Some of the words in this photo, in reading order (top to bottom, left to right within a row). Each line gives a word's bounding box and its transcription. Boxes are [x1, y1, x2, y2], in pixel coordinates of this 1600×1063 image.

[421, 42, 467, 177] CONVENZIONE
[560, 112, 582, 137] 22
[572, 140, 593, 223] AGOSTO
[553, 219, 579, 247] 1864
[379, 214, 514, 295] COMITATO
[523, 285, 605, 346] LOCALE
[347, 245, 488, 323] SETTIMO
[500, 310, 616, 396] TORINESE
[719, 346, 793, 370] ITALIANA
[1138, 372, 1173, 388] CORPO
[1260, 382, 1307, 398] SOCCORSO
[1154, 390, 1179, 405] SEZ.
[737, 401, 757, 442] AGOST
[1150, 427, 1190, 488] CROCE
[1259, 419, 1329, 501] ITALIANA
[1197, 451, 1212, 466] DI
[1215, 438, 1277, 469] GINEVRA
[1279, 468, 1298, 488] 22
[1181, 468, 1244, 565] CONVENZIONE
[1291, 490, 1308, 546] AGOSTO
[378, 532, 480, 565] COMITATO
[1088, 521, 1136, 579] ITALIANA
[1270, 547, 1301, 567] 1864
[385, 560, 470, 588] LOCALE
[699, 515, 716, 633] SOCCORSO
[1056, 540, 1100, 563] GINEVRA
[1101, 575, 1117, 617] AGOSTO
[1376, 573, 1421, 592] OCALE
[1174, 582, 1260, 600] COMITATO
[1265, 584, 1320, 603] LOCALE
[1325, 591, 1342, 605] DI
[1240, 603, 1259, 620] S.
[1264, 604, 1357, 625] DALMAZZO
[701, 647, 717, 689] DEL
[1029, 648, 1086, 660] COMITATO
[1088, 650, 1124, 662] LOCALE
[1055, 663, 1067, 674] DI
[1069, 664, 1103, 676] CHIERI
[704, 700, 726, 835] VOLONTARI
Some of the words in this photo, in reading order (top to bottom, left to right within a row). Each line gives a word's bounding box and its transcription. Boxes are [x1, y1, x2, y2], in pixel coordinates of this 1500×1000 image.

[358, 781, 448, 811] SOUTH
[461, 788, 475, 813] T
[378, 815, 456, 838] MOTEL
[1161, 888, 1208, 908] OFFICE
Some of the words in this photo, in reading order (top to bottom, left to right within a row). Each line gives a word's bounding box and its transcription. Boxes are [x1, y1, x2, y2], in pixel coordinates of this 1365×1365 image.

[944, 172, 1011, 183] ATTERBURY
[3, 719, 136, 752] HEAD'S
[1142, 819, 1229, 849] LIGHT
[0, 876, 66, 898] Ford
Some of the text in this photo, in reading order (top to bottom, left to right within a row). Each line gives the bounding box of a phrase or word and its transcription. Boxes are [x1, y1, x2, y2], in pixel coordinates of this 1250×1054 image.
※
* DESCRIPTION OF THE TASK *
Transcribe the whole listing with nothing added or left out.

* ANSWER TO THIS TASK *
Some of the words in this photo, in reading order (top to bottom, left to right within a row). Each line gives a word's bounding box and its transcription. Boxes are [x1, y1, x2, y2], in pixel coordinates of this 1600×1063 image.

[421, 42, 467, 177] CONVENZIONE
[560, 112, 582, 137] 22
[572, 140, 593, 223] AGOSTO
[553, 219, 579, 247] 1864
[379, 214, 514, 295] COMITATO
[523, 285, 605, 346] LOCALE
[347, 245, 488, 323] SETTIMO
[500, 310, 616, 396] TORINESE
[719, 346, 793, 370] ITALIANA
[1138, 372, 1173, 388] CORPO
[1260, 382, 1307, 398] SOCCORSO
[1154, 390, 1179, 405] SEZ.
[737, 401, 757, 442] AGOST
[1150, 427, 1190, 488] CROCE
[1259, 419, 1329, 501] ITALIANA
[1197, 451, 1212, 466] DI
[1215, 438, 1277, 469] GINEVRA
[1279, 468, 1298, 488] 22
[1181, 468, 1244, 565] CONVENZIONE
[1291, 490, 1308, 546] AGOSTO
[378, 532, 480, 565] COMITATO
[1088, 521, 1136, 579] ITALIANA
[1270, 547, 1301, 567] 1864
[385, 560, 470, 588] LOCALE
[699, 515, 716, 633] SOCCORSO
[1056, 540, 1100, 563] GINEVRA
[1101, 575, 1117, 617] AGOSTO
[1376, 573, 1421, 592] OCALE
[1174, 582, 1260, 600] COMITATO
[1265, 584, 1320, 603] LOCALE
[1325, 591, 1342, 605] DI
[1240, 603, 1259, 620] S.
[1264, 604, 1357, 625] DALMAZZO
[701, 647, 717, 689] DEL
[1029, 648, 1086, 660] COMITATO
[1088, 650, 1124, 662] LOCALE
[1055, 663, 1067, 674] DI
[1069, 664, 1103, 676] CHIERI
[704, 700, 726, 835] VOLONTARI
Some of the words in this photo, in reading order (top to bottom, left to right within a row). Each line gives a word's bounding box and its transcription. Boxes are [x1, y1, x2, y2], in pixel coordinates of this 1500×1000 image.

[358, 781, 448, 811] SOUTH
[461, 788, 475, 813] T
[378, 815, 456, 838] MOTEL
[1161, 888, 1208, 908] OFFICE
Some of the words in this photo, in reading order (top to bottom, left to right within a row). Each line gives a word's bounding box and its transcription. Boxes are [x1, y1, x2, y2], in pixel coordinates of this 1365×1365 image.

[944, 172, 1011, 183] ATTERBURY
[3, 719, 136, 752] HEAD'S
[1142, 819, 1229, 849] LIGHT
[0, 876, 66, 898] Ford
Some of the text in this photo, in reading order (top to bottom, left to right within a row). Each line gives the bounding box of a phrase or word and its transcription. Boxes are [x1, y1, x2, y2], in pixel coordinates of this 1250×1054 image.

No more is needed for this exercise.